Work to be completed:
When you repeat the entries below, please keep them exact and leave out the pictures.

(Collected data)
################
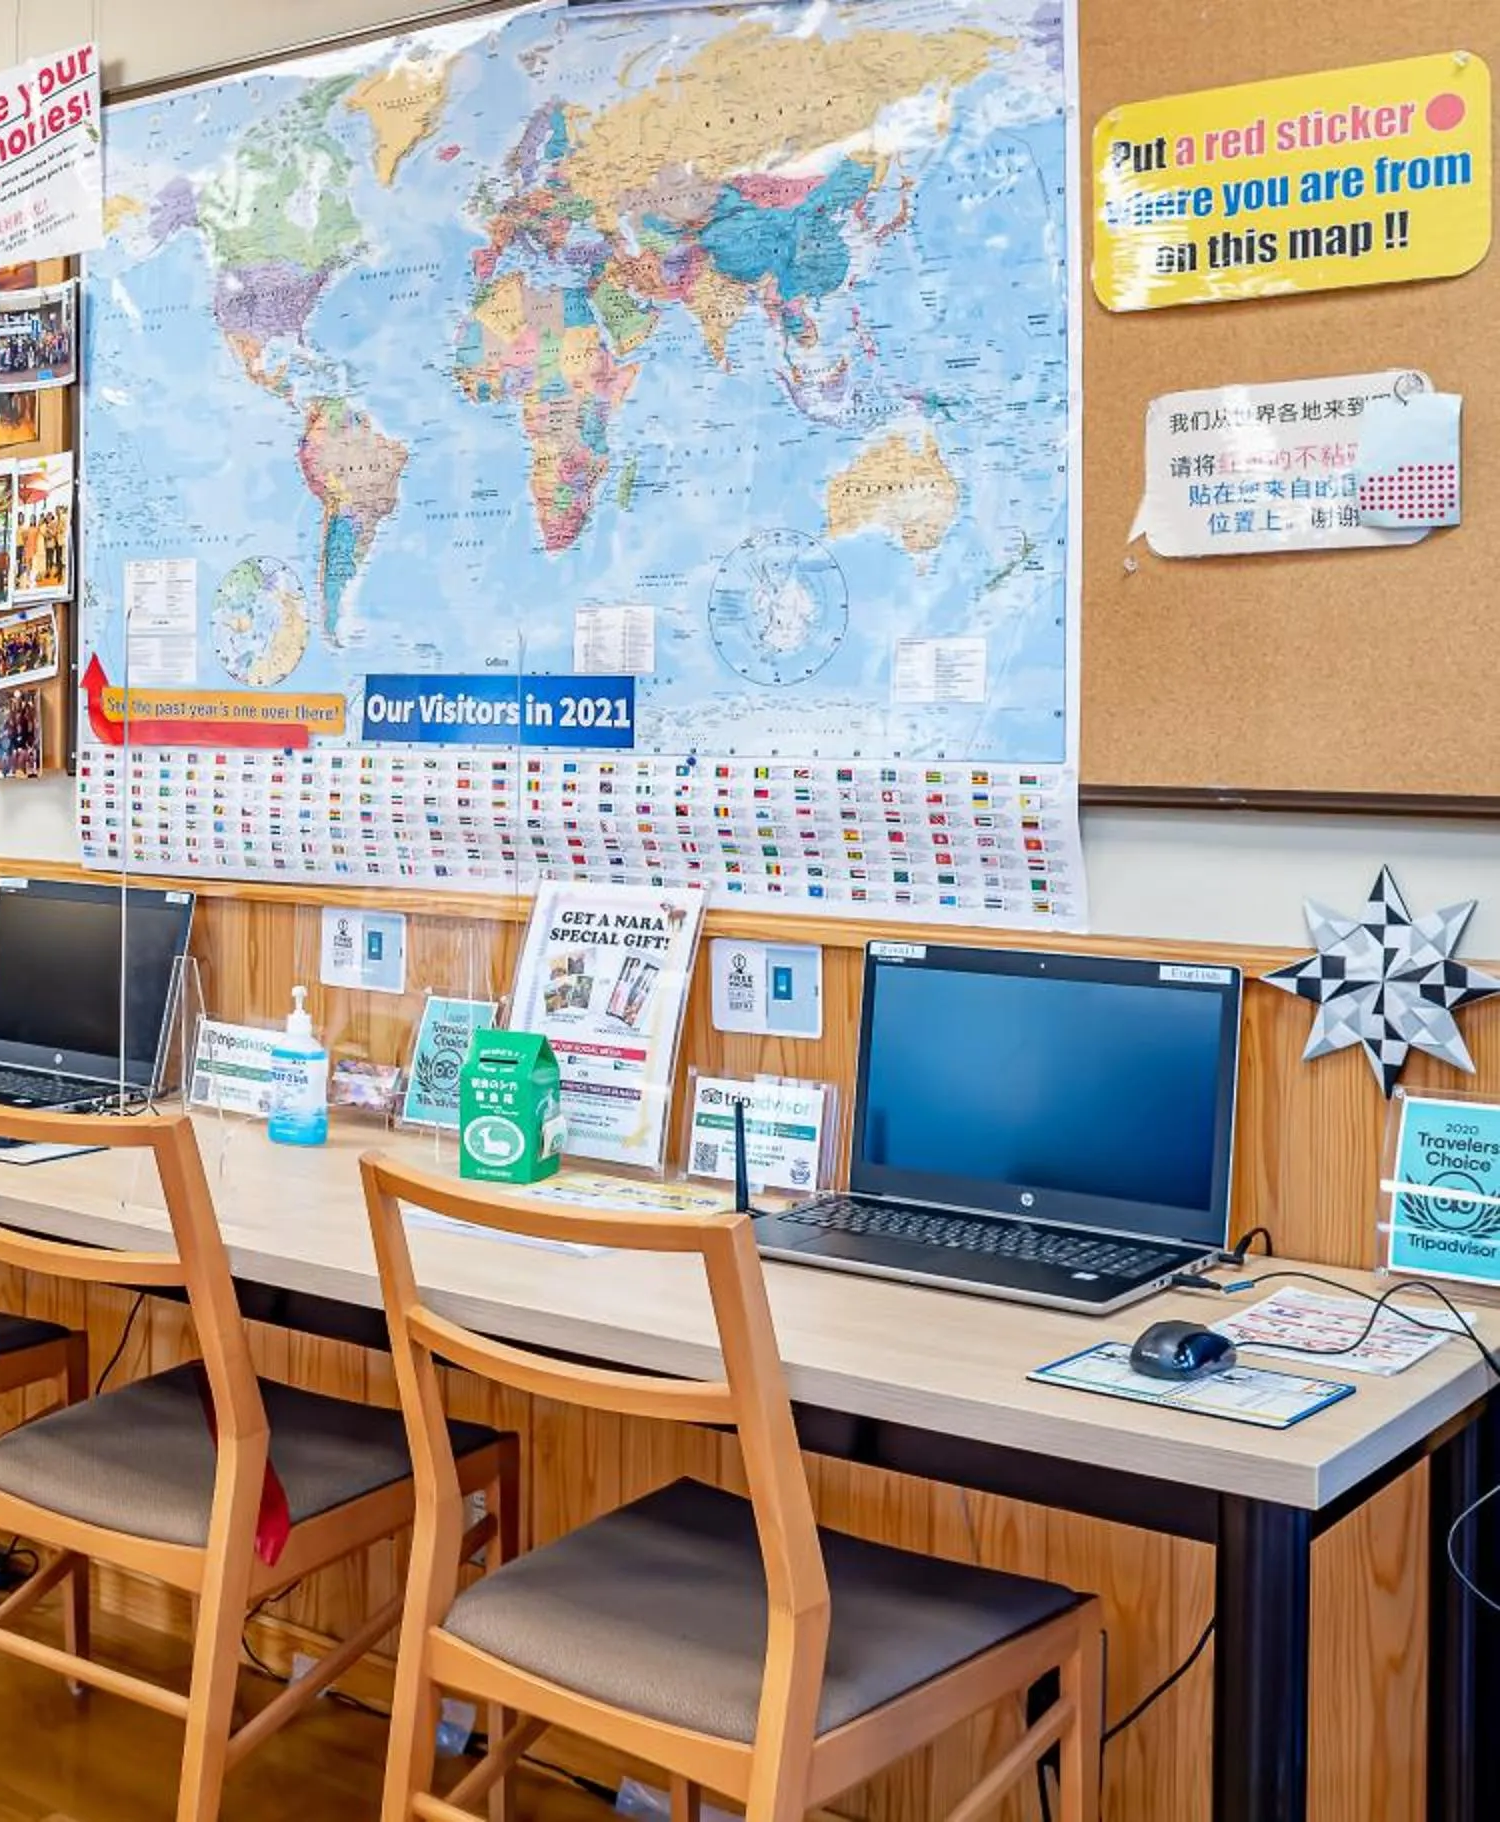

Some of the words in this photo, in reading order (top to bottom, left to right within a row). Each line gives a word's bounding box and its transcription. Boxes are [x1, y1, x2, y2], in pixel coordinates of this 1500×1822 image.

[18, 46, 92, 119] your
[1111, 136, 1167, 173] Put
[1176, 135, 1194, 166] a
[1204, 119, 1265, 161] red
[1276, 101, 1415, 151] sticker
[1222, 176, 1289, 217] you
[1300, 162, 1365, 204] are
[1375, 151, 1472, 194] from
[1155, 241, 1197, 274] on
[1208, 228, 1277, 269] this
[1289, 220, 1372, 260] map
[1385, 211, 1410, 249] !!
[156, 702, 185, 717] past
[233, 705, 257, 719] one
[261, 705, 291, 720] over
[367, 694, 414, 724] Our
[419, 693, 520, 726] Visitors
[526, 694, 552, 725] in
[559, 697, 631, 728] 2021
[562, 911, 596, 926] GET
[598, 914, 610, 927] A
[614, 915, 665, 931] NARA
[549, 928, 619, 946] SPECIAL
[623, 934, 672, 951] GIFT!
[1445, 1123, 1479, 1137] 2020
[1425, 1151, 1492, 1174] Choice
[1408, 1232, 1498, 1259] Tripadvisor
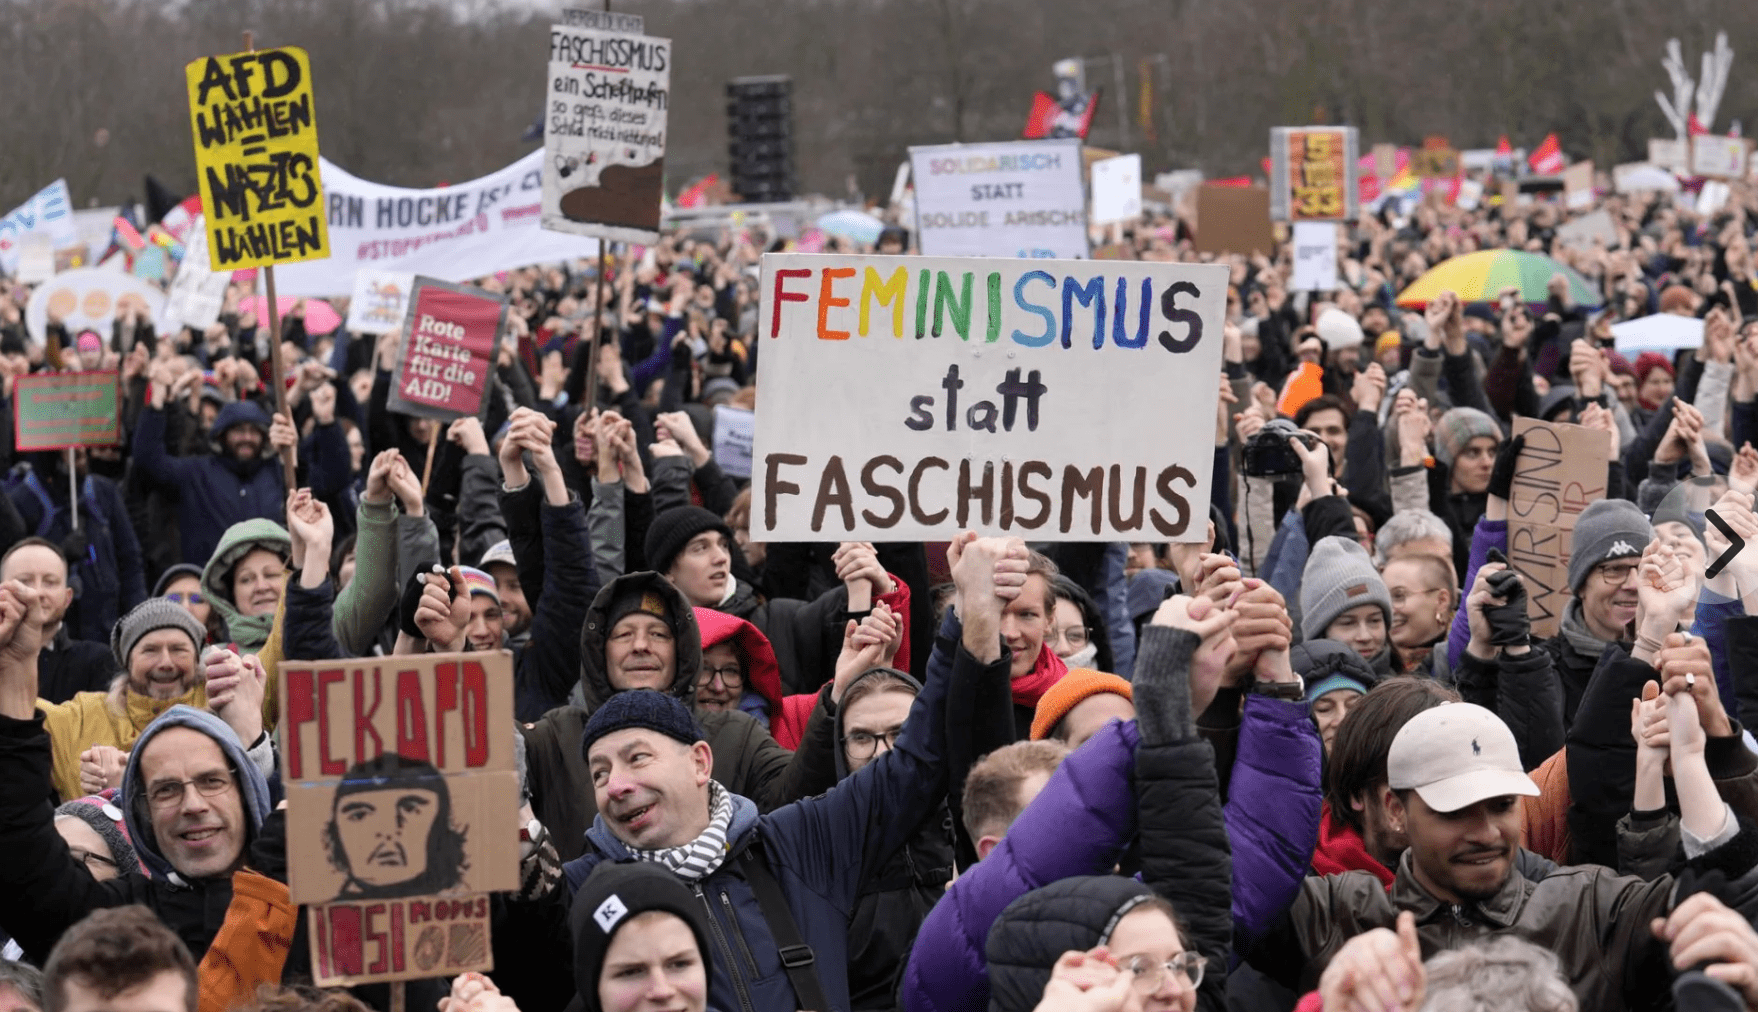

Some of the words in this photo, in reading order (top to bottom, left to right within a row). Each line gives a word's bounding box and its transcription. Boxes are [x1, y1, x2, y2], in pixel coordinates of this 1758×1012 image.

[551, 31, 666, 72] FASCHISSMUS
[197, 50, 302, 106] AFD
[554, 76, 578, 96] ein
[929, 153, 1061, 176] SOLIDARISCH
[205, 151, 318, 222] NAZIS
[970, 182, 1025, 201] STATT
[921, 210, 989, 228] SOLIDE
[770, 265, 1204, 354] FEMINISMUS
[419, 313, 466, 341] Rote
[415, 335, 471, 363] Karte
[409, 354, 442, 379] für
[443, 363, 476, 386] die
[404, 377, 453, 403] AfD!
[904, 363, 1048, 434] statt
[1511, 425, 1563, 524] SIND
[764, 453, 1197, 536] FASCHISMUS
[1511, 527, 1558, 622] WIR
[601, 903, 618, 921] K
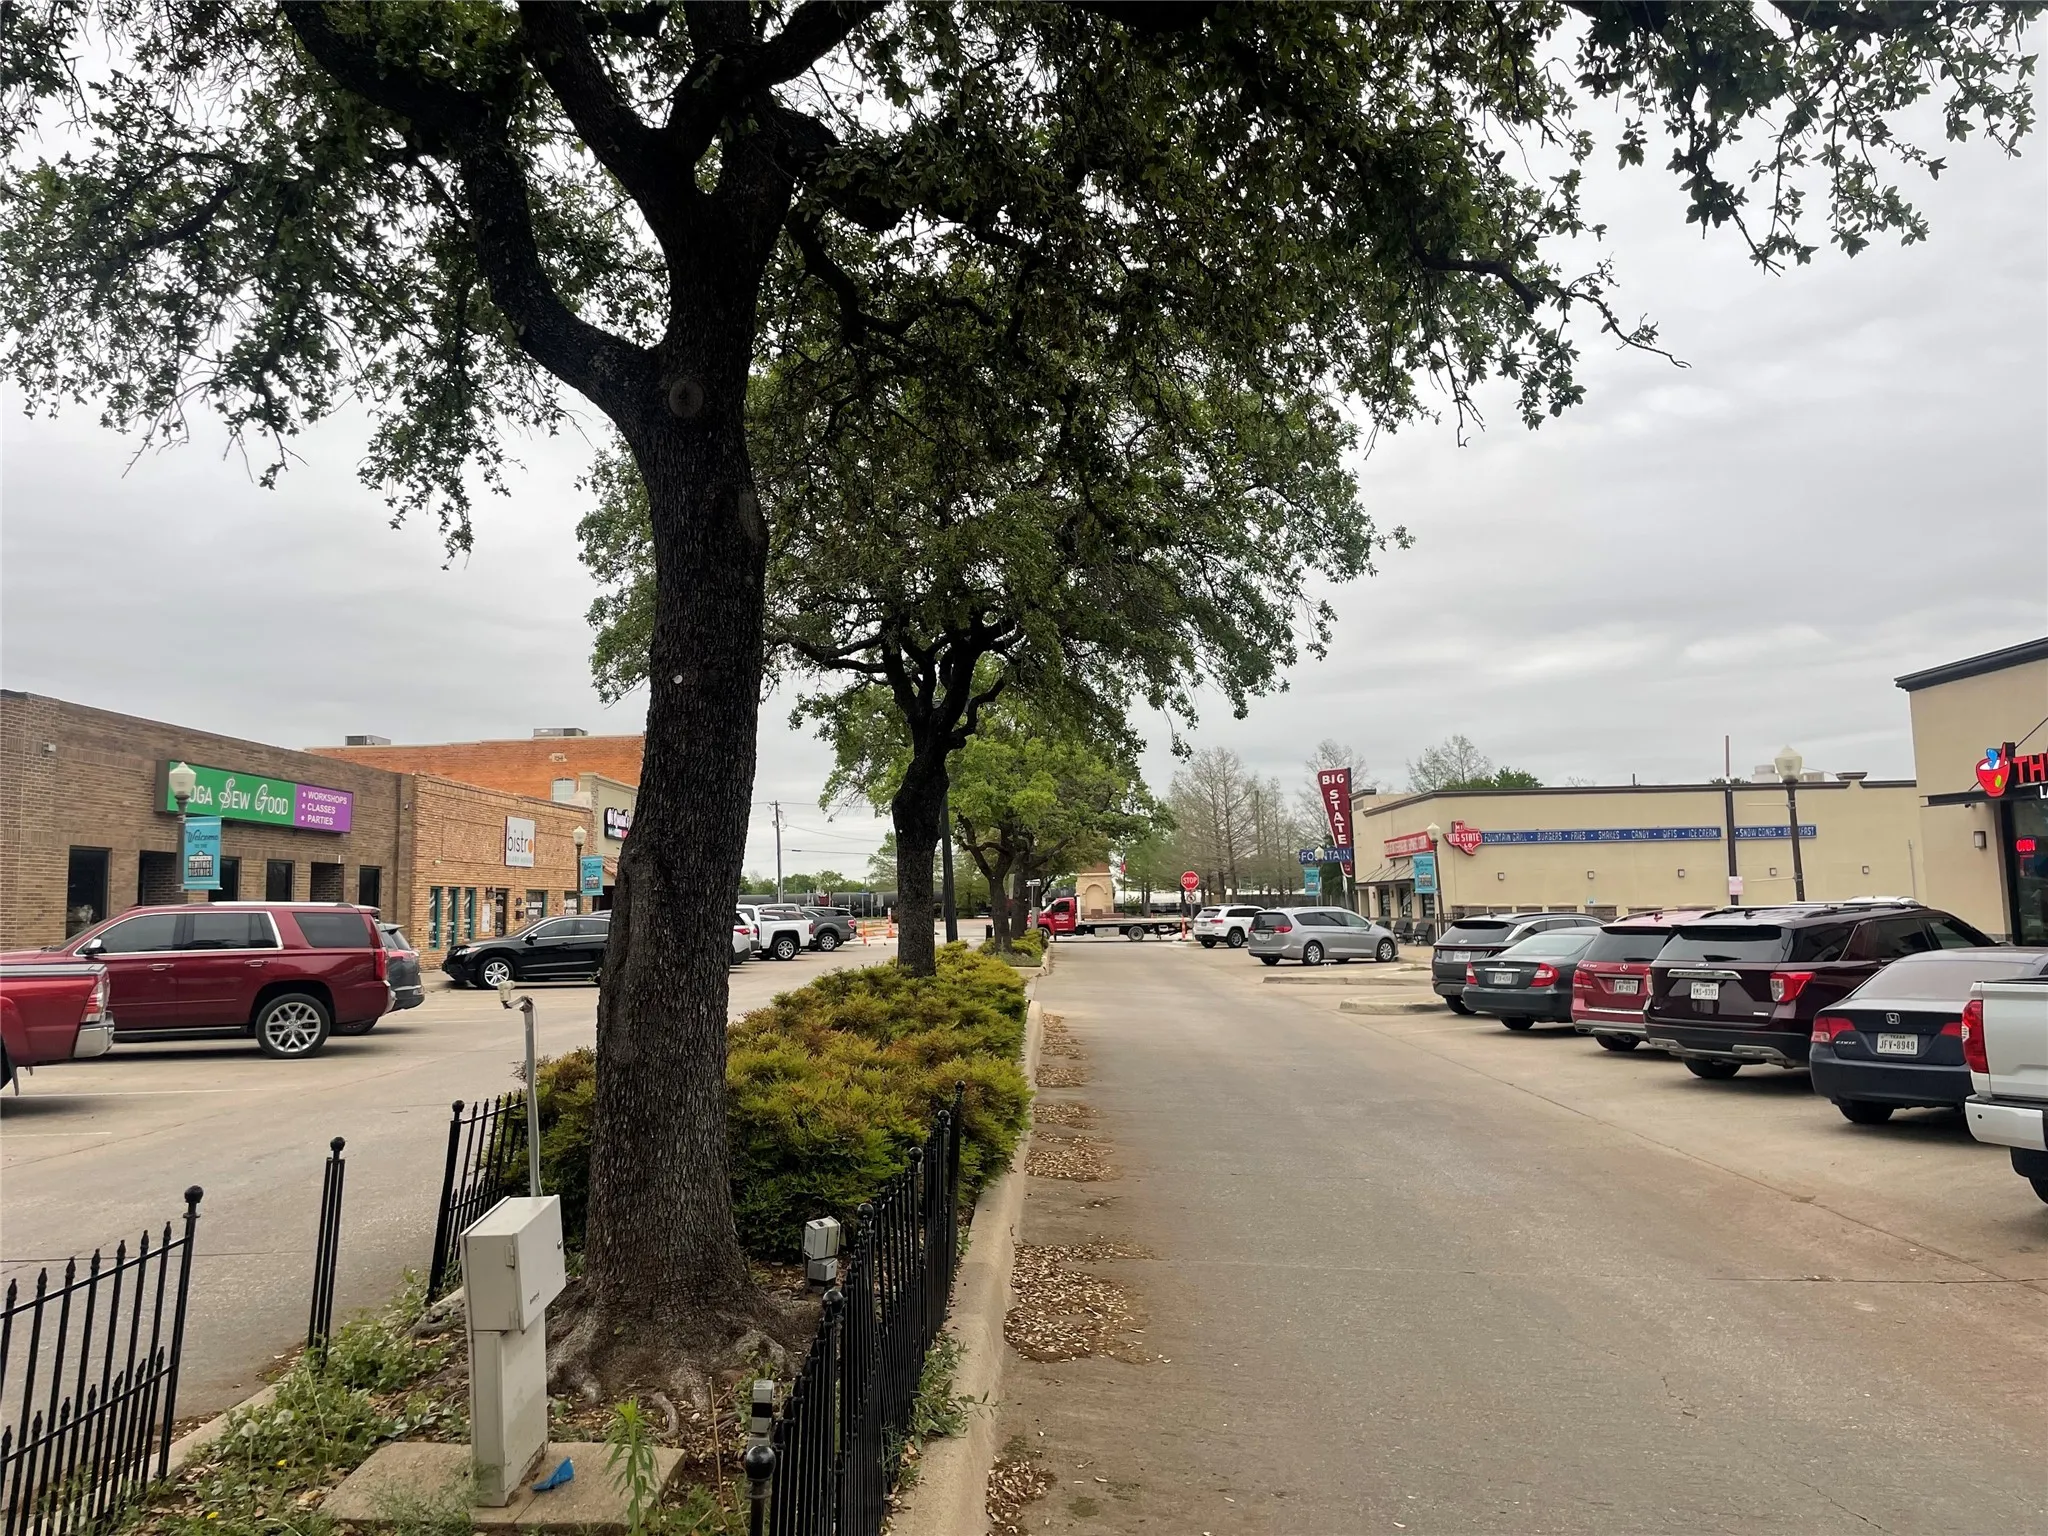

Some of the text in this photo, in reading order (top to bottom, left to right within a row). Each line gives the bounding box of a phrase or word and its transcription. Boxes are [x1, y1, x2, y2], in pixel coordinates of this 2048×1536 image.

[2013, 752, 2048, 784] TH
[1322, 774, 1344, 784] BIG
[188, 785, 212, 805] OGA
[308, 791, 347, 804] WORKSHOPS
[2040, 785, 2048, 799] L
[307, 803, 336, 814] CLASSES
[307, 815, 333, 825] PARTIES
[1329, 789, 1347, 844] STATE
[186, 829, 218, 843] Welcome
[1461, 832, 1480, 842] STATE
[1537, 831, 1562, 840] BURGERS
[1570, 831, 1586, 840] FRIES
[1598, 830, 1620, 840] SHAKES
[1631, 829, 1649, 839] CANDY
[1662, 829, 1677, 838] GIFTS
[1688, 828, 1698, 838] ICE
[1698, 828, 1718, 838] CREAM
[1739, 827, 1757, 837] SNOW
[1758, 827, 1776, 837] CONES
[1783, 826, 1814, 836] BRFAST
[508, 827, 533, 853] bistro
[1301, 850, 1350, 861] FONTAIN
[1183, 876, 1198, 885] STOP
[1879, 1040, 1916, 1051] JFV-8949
################
Response box:
Some of the words in this photo, in reading order (top to bottom, left to right within a row). Each line gives a word's bounding box and its transcription. Boxes are [x1, y1, x2, y2], in pixel coordinates of this 1500×1822 image.

[18, 46, 92, 119] your
[1111, 136, 1167, 173] Put
[1176, 135, 1194, 166] a
[1204, 119, 1265, 161] red
[1276, 101, 1415, 151] sticker
[1222, 176, 1289, 217] you
[1300, 162, 1365, 204] are
[1375, 151, 1472, 194] from
[1155, 241, 1197, 274] on
[1208, 228, 1277, 269] this
[1289, 220, 1372, 260] map
[1385, 211, 1410, 249] !!
[156, 702, 185, 717] past
[233, 705, 257, 719] one
[261, 705, 291, 720] over
[367, 694, 414, 724] Our
[419, 693, 520, 726] Visitors
[526, 694, 552, 725] in
[559, 697, 631, 728] 2021
[562, 911, 596, 926] GET
[598, 914, 610, 927] A
[614, 915, 665, 931] NARA
[549, 928, 619, 946] SPECIAL
[623, 934, 672, 951] GIFT!
[1445, 1123, 1479, 1137] 2020
[1425, 1151, 1492, 1174] Choice
[1408, 1232, 1498, 1259] Tripadvisor

Some of the words in this photo, in reading order (top to bottom, left to right within a row). Each line gives a word's bounding box and its transcription. Boxes are [x1, y1, x2, y2], in pixel coordinates of this 1758×1012 image.

[551, 31, 666, 72] FASCHISSMUS
[197, 50, 302, 106] AFD
[554, 76, 578, 96] ein
[929, 153, 1061, 176] SOLIDARISCH
[205, 151, 318, 222] NAZIS
[970, 182, 1025, 201] STATT
[921, 210, 989, 228] SOLIDE
[770, 265, 1204, 354] FEMINISMUS
[419, 313, 466, 341] Rote
[415, 335, 471, 363] Karte
[409, 354, 442, 379] für
[443, 363, 476, 386] die
[404, 377, 453, 403] AfD!
[904, 363, 1048, 434] statt
[1511, 425, 1563, 524] SIND
[764, 453, 1197, 536] FASCHISMUS
[1511, 527, 1558, 622] WIR
[601, 903, 618, 921] K

Some of the text in this photo, in reading order (top to bottom, left to right within a row). Each line gives the bounding box of a phrase or word and its transcription. Boxes are [x1, y1, x2, y2], in pixel coordinates of this 2048×1536 image.

[2013, 752, 2048, 784] TH
[1322, 774, 1344, 784] BIG
[188, 785, 212, 805] OGA
[308, 791, 347, 804] WORKSHOPS
[2040, 785, 2048, 799] L
[307, 803, 336, 814] CLASSES
[307, 815, 333, 825] PARTIES
[1329, 789, 1347, 844] STATE
[186, 829, 218, 843] Welcome
[1461, 832, 1480, 842] STATE
[1537, 831, 1562, 840] BURGERS
[1570, 831, 1586, 840] FRIES
[1598, 830, 1620, 840] SHAKES
[1631, 829, 1649, 839] CANDY
[1662, 829, 1677, 838] GIFTS
[1688, 828, 1698, 838] ICE
[1698, 828, 1718, 838] CREAM
[1739, 827, 1757, 837] SNOW
[1758, 827, 1776, 837] CONES
[1783, 826, 1814, 836] BRFAST
[508, 827, 533, 853] bistro
[1301, 850, 1350, 861] FONTAIN
[1183, 876, 1198, 885] STOP
[1879, 1040, 1916, 1051] JFV-8949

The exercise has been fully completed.